Records shown
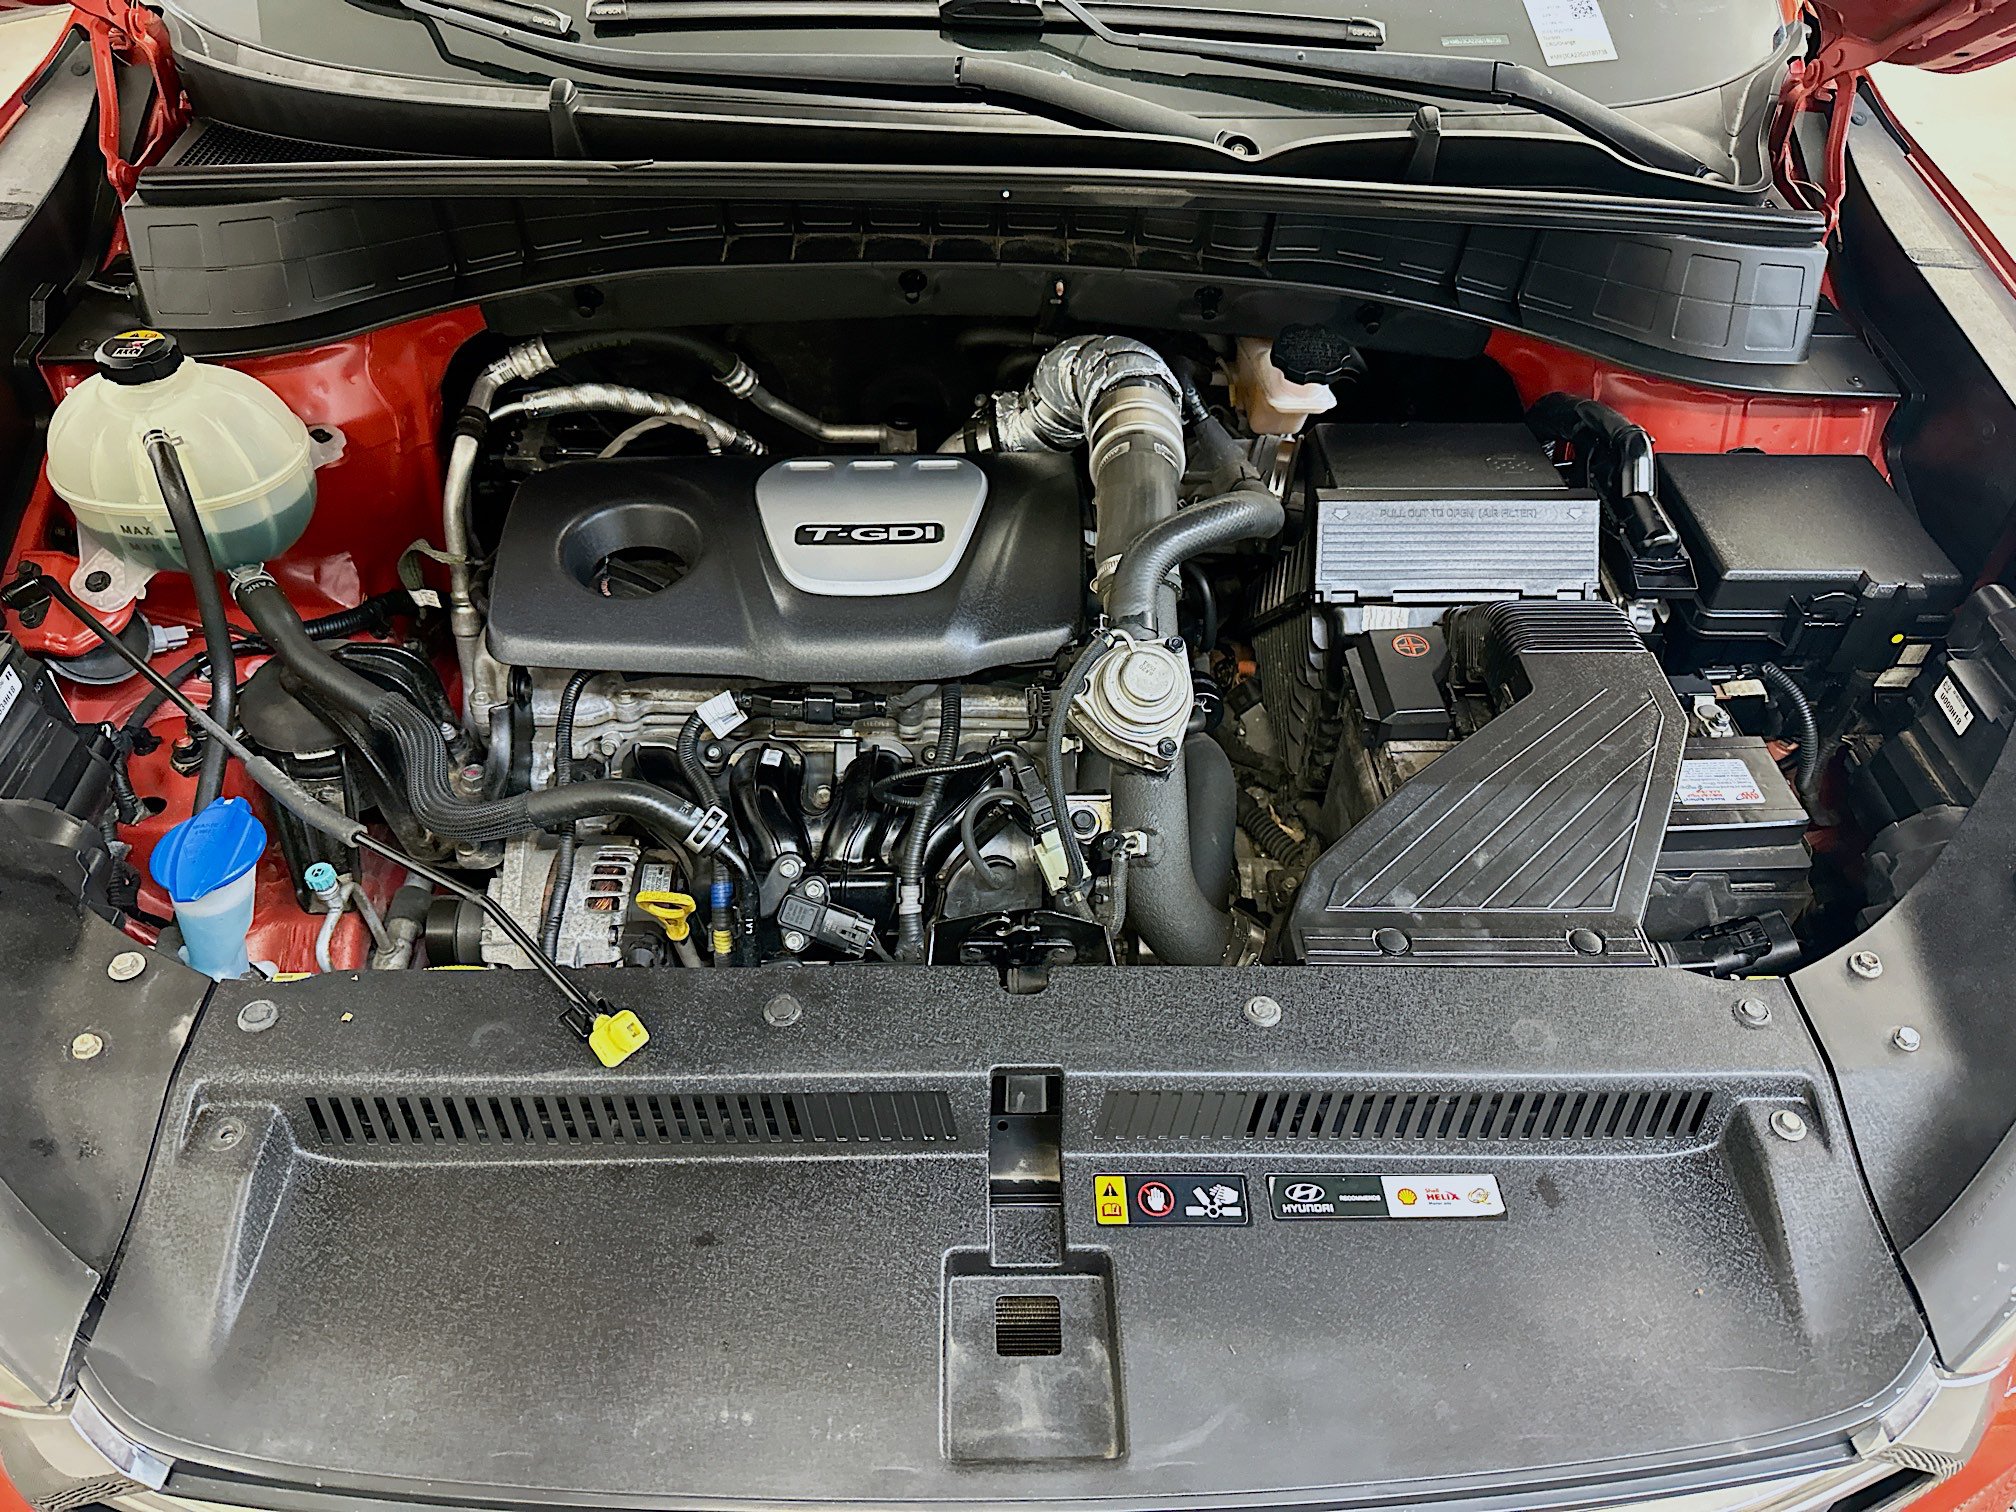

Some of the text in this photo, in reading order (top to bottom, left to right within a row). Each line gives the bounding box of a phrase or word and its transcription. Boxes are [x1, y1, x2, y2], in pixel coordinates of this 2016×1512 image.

[120, 524, 154, 536] MAX
[805, 525, 936, 541] T-GDI
[128, 542, 163, 552] MIN
[244, 580, 276, 595] TANK
[1426, 1190, 1461, 1201] HELIX
[1281, 1203, 1335, 1214] HYUNDAI

Work request
Give back the material above exactly, without pictures.

Written solution
Some of the text in this photo, in reading order (top to bottom, left to right within a row). Each line gives the bounding box of a phrase or word and its transcription. Boxes are [x1, y1, x2, y2], in pixel coordinates of this 2016×1512 image.

[120, 524, 154, 536] MAX
[805, 525, 936, 541] T-GDI
[128, 542, 163, 552] MIN
[244, 580, 276, 595] TANK
[1426, 1190, 1461, 1201] HELIX
[1281, 1203, 1335, 1214] HYUNDAI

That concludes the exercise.